PALAVRAS
Você tinha que levar esses pedaços de papel quando ia às compras, se bem que quando eu tinha uns nove ou dez anos as pessoas usavam cartões de plástico. Mas não para comprar comida, isso veio depois. Parece tão primitivo, totemístico até, como conchas de caurim. Devo ter usado esse tipo de dinheiro eu mesma, um pouquinho, antes de tudo passar pro Compubanco.
Acho que foi assim que conseguiram fazer isso, do jeito que fizeram, de uma vez só, sem ninguem saber de antemão. Se ainda existisse o dinheiro portátil, teria sido mais difícil.
Foi depois da catástrofe, quanto mataram o presidente e metralharam o congresso e o exército decretou estado de emergência. Na época, puseram a culpa nos fanáticos islâmicos.

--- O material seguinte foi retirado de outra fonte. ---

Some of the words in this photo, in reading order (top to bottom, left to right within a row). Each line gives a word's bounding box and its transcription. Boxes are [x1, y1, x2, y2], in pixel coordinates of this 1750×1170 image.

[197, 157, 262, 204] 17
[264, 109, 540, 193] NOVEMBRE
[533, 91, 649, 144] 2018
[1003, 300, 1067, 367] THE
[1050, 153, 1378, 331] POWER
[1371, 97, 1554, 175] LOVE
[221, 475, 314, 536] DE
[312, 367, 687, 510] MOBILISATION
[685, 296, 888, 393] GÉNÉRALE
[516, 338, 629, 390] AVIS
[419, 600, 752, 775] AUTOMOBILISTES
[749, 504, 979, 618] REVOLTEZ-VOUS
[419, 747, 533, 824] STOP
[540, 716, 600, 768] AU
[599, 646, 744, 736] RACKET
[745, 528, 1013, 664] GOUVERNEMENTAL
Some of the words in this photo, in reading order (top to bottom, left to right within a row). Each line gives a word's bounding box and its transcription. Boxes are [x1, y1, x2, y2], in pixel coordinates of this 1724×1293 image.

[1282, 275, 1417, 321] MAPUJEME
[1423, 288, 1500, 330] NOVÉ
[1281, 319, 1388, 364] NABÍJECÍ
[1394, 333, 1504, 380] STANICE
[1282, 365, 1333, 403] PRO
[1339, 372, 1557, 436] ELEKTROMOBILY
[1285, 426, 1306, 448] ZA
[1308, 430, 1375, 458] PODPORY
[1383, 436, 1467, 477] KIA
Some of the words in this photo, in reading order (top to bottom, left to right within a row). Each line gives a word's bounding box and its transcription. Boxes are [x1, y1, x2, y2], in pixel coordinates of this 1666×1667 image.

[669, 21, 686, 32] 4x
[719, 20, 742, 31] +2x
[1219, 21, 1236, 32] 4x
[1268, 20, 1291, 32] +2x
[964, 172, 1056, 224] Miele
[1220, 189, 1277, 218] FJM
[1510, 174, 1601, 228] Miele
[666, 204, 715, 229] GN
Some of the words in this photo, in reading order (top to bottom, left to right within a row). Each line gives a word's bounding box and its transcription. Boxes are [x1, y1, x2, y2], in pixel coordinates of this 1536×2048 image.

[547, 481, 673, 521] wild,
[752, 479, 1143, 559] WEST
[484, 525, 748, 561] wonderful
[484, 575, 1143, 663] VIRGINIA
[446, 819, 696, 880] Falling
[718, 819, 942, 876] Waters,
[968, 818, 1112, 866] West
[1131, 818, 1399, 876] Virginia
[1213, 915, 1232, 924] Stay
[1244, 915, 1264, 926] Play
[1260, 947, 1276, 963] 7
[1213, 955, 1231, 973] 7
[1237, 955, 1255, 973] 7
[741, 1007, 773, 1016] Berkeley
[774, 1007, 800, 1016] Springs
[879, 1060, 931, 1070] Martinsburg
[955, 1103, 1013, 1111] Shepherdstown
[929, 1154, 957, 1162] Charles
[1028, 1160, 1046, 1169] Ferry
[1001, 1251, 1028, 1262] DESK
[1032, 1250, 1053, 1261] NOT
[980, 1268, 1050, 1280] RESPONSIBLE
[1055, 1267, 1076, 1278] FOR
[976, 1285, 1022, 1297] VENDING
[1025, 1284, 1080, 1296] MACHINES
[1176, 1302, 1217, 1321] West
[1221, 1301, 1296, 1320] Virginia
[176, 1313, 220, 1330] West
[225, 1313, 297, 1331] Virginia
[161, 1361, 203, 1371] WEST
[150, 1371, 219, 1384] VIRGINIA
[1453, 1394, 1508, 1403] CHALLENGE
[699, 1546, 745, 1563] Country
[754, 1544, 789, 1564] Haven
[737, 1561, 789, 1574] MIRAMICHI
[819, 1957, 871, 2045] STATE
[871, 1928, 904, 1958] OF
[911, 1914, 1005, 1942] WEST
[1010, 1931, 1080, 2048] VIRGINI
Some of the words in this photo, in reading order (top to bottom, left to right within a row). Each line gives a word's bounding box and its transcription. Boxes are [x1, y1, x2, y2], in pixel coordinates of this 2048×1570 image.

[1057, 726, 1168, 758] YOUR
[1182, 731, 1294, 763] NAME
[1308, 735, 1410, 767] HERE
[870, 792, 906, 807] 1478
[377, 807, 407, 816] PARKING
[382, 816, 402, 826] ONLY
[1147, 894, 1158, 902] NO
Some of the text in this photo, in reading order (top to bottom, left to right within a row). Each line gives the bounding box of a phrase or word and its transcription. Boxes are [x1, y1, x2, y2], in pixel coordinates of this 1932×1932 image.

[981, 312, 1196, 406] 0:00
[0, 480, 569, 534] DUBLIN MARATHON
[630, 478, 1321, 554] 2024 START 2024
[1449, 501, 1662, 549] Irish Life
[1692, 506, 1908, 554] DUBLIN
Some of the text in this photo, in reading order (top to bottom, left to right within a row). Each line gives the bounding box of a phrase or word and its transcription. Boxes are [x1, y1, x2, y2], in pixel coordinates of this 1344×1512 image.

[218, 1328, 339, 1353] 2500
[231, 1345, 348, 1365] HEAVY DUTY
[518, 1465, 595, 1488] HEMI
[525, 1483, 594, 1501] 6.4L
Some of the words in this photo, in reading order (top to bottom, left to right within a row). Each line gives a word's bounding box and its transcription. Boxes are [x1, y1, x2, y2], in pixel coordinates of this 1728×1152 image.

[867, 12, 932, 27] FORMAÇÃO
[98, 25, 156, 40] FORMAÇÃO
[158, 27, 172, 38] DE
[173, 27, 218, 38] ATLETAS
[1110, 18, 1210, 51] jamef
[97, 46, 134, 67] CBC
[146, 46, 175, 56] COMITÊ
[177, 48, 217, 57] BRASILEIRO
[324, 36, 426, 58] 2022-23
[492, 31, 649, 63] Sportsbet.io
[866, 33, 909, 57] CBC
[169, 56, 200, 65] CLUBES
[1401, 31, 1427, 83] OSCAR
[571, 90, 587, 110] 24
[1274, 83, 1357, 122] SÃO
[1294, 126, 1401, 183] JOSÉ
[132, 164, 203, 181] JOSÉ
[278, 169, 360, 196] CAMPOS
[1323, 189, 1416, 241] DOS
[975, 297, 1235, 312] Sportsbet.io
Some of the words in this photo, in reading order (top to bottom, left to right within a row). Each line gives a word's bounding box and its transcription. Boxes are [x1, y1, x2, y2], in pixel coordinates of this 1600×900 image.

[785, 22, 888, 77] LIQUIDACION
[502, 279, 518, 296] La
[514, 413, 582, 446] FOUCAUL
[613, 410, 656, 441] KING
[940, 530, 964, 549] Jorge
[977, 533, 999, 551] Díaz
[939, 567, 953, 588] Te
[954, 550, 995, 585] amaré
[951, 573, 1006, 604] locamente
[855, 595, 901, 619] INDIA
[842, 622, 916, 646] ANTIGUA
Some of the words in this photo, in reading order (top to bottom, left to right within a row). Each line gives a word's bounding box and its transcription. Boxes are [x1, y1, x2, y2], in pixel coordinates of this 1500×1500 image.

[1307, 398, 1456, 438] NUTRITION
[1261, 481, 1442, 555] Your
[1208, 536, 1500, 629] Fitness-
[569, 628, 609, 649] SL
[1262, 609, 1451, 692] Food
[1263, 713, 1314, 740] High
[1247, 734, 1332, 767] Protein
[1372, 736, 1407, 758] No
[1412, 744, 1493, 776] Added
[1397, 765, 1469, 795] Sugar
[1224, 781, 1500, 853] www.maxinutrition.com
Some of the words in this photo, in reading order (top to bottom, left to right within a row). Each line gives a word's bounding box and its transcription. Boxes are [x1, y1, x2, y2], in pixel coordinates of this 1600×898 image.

Fiquem calmos, disseram na televisão. Tudo está sob controle.
Fiquei estupefata. Todo mundo ficou, sei disso. Era duro de acreditar. O governo inteiro, sumiu assim. Como conseguiram entrar, como aconteceu?
Foi quando suspenderam a Constituição. Disseram que seria temporário. Não havia nem tumultos nas ruas. As pessoas ficavam em casa de noite, vendo televisão, procurando alguma direção. Não havia nem um inimigo para o qual se pudesse apontar o dedo...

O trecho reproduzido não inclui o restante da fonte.